#### [Record set]

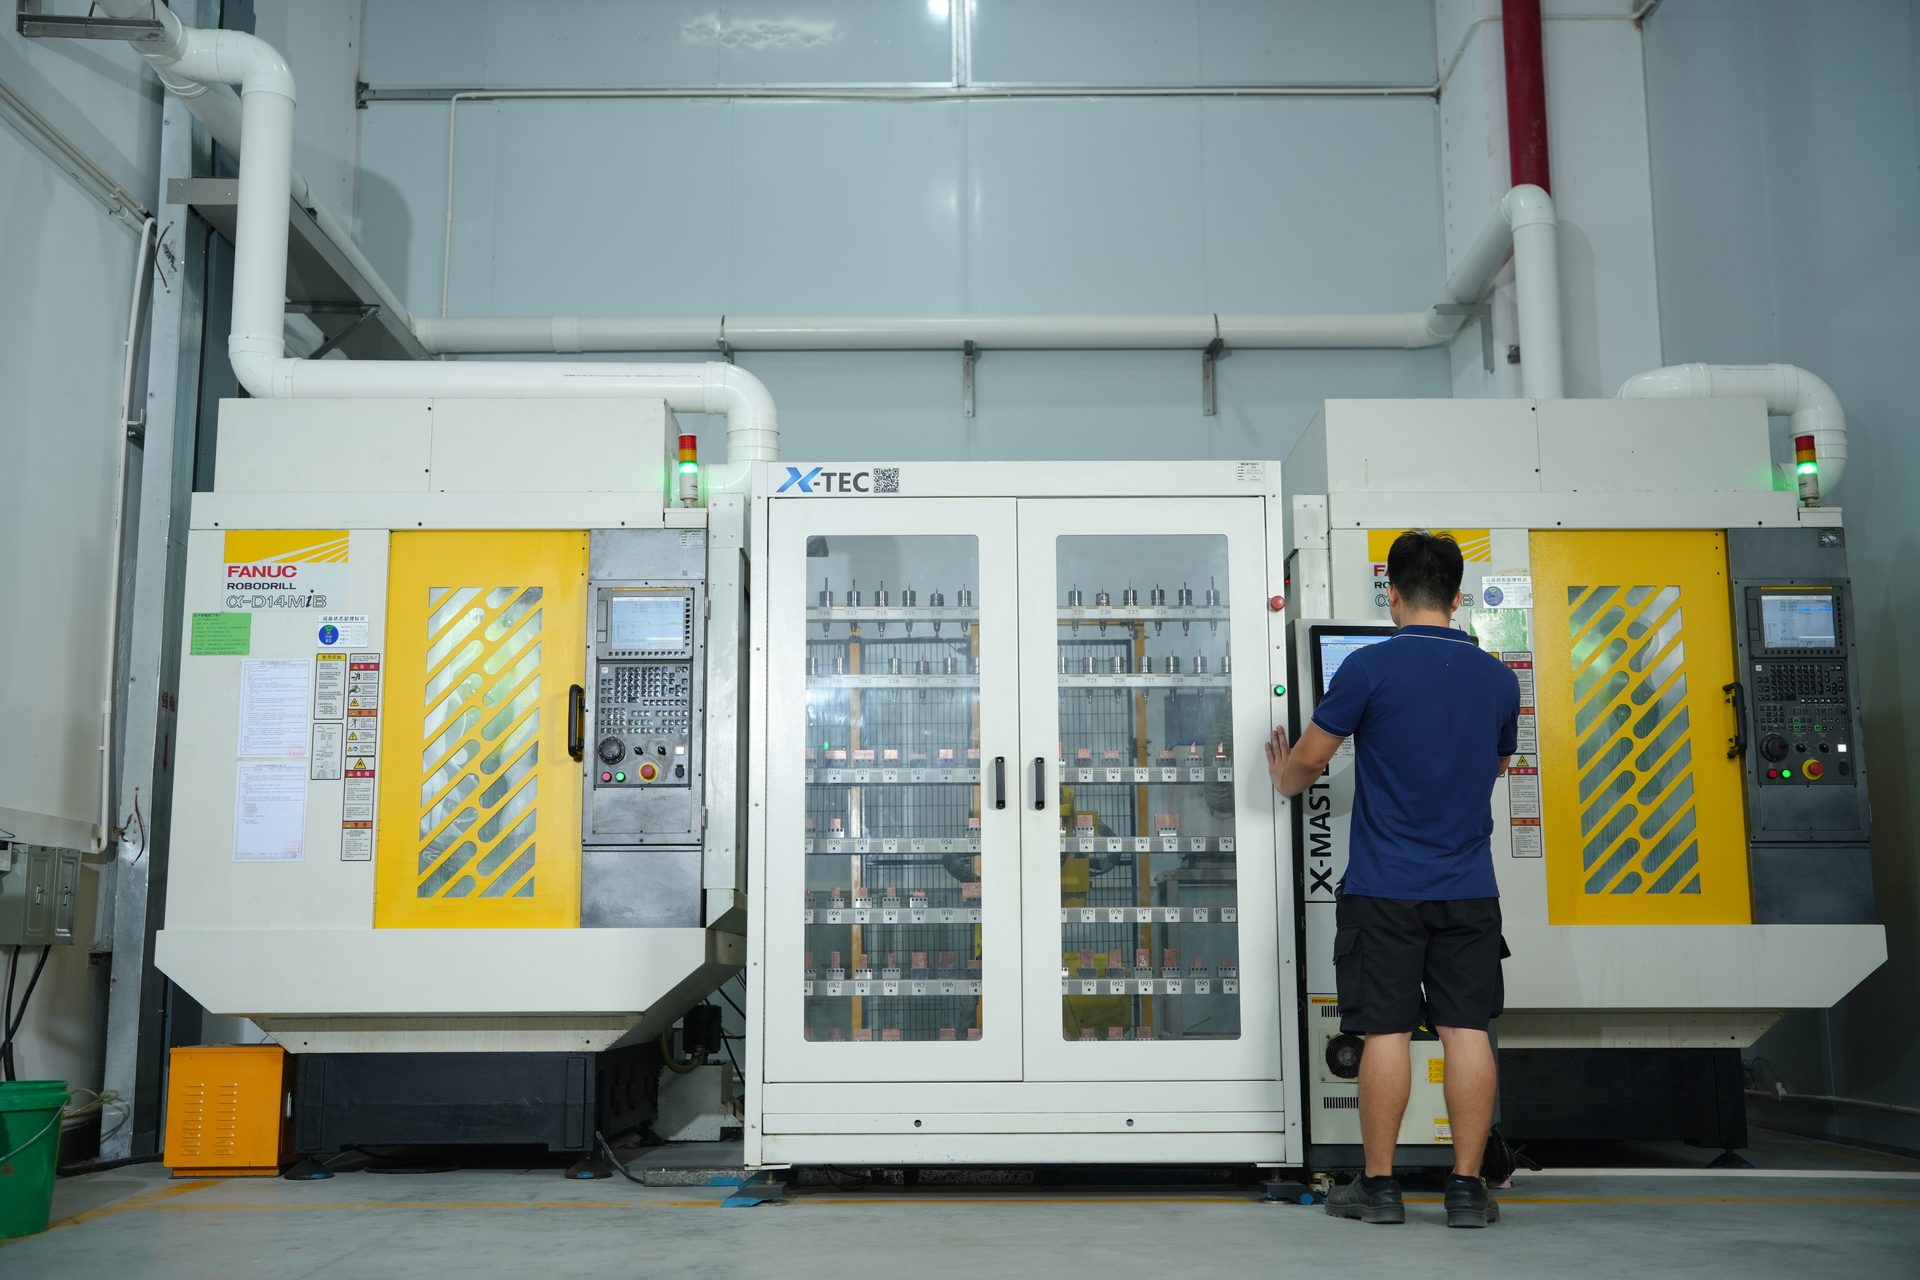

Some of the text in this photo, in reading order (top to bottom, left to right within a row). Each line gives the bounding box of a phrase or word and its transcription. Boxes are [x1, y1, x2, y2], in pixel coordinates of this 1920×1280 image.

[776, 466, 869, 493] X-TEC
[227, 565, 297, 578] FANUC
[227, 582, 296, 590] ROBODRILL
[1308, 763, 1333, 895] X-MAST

#### [Task details]
The result should be an exact copy of every entry above, with no pictures included.

#### [Exercise solution]
Some of the text in this photo, in reading order (top to bottom, left to right within a row). Each line gives the bounding box of a phrase or word and its transcription. Boxes are [x1, y1, x2, y2], in pixel coordinates of this 1920×1280 image.

[776, 466, 869, 493] X-TEC
[227, 565, 297, 578] FANUC
[227, 582, 296, 590] ROBODRILL
[1308, 763, 1333, 895] X-MAST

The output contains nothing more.